Purpose: This study characterized the multiple-dose pharmacokinetics of vemurafenib 240-960 mg twice daily (bid) in BRAF V600E mutation-positive metastatic melanoma patients, using the commercial formulation (240-mg microprecipitated bulk powder film-coated tablets). Methods: Melanoma patients (N = 52) were randomly allocated to four vemurafenib dose cohorts (240, 480, 720, or 960 mg bid for 14 days). After the day 15 morning dose, doses were interrupted until day 22, at which point patients were restarted on vemurafenib. Serial pharmacokinetic samples were collected after the morning dose on days 1, 9, and 15; trough pharmacokinetic samples were collected on day 2. Results: Vemurafenib concentration increased with multiple doses to steady state at day 15; C max, AUC0-8h, and AUC0-168h increased between 3.3- and 3.8-fold across the fourfold dose range tested.
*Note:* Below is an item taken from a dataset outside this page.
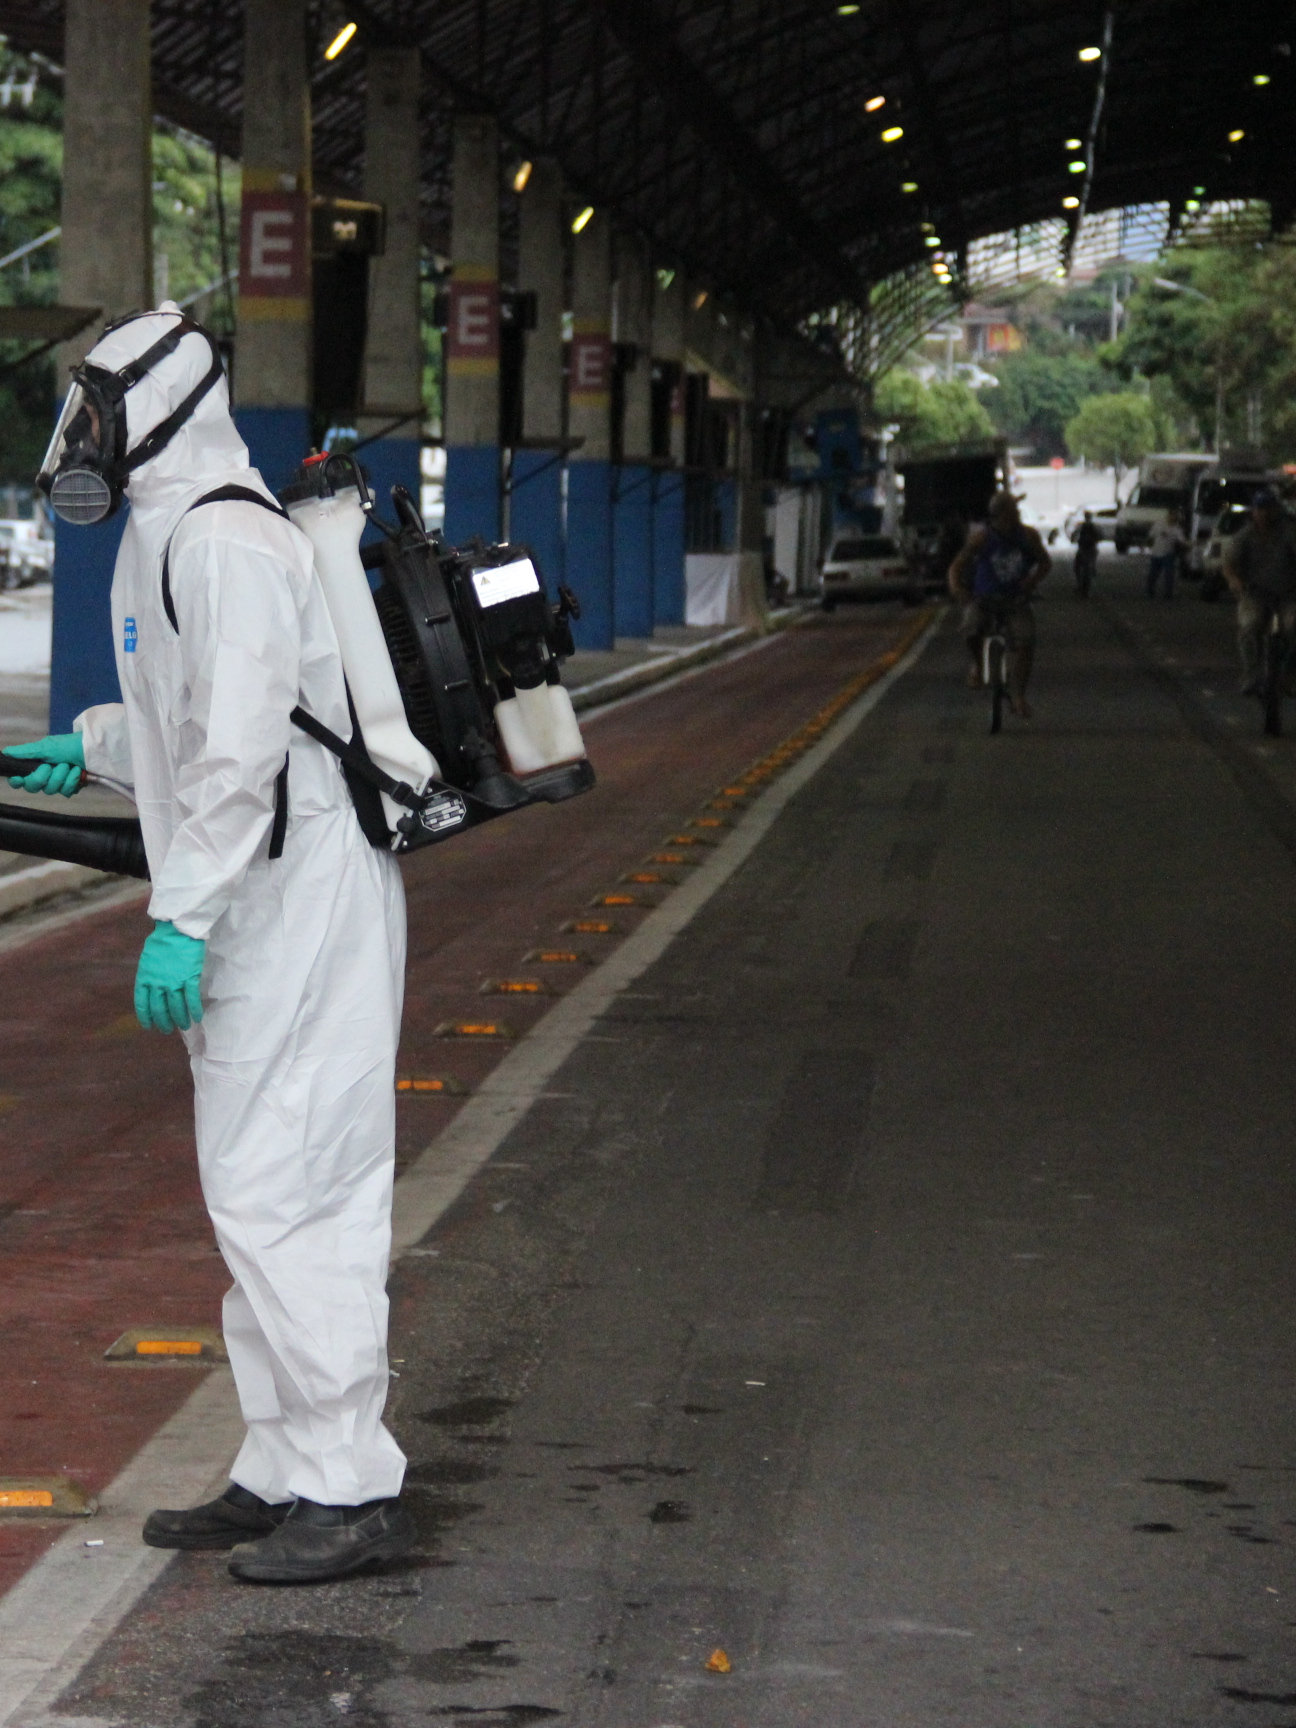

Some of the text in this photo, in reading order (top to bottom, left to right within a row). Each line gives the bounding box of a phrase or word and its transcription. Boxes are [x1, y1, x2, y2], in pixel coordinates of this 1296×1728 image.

[251, 210, 293, 277] E
[458, 295, 488, 344] E
[579, 345, 603, 384] E
Statistical analysis indicated dose proportionality across the dose range of 240-960 mg bid. Day 15 mean accumulation ratios (ratio of AUC0-8h on day 15/AUC0-8h on day 1) ranged from ~19 to 25 across cohorts. At steady state, the peak-to-trough ratio for vemurafenib exhibited a relatively flat concentration-time profile throughout the bid dosing interval. During dose interruption (days 15-22), mean vemurafenib trough concentrations decreased to minimal levels; vemurafenib exhibited a mean terminal phase half-life of 31.5-38.4 h. Conclusions: Vemurafenib plasma concentration accumulates with multiple bid doses of 240 mg. Vemurafenib exposure (AUC and C max) is dose proportional over the 240- to 960-mg bid dose range and exhibits constant drug levels over the bid dosing interval.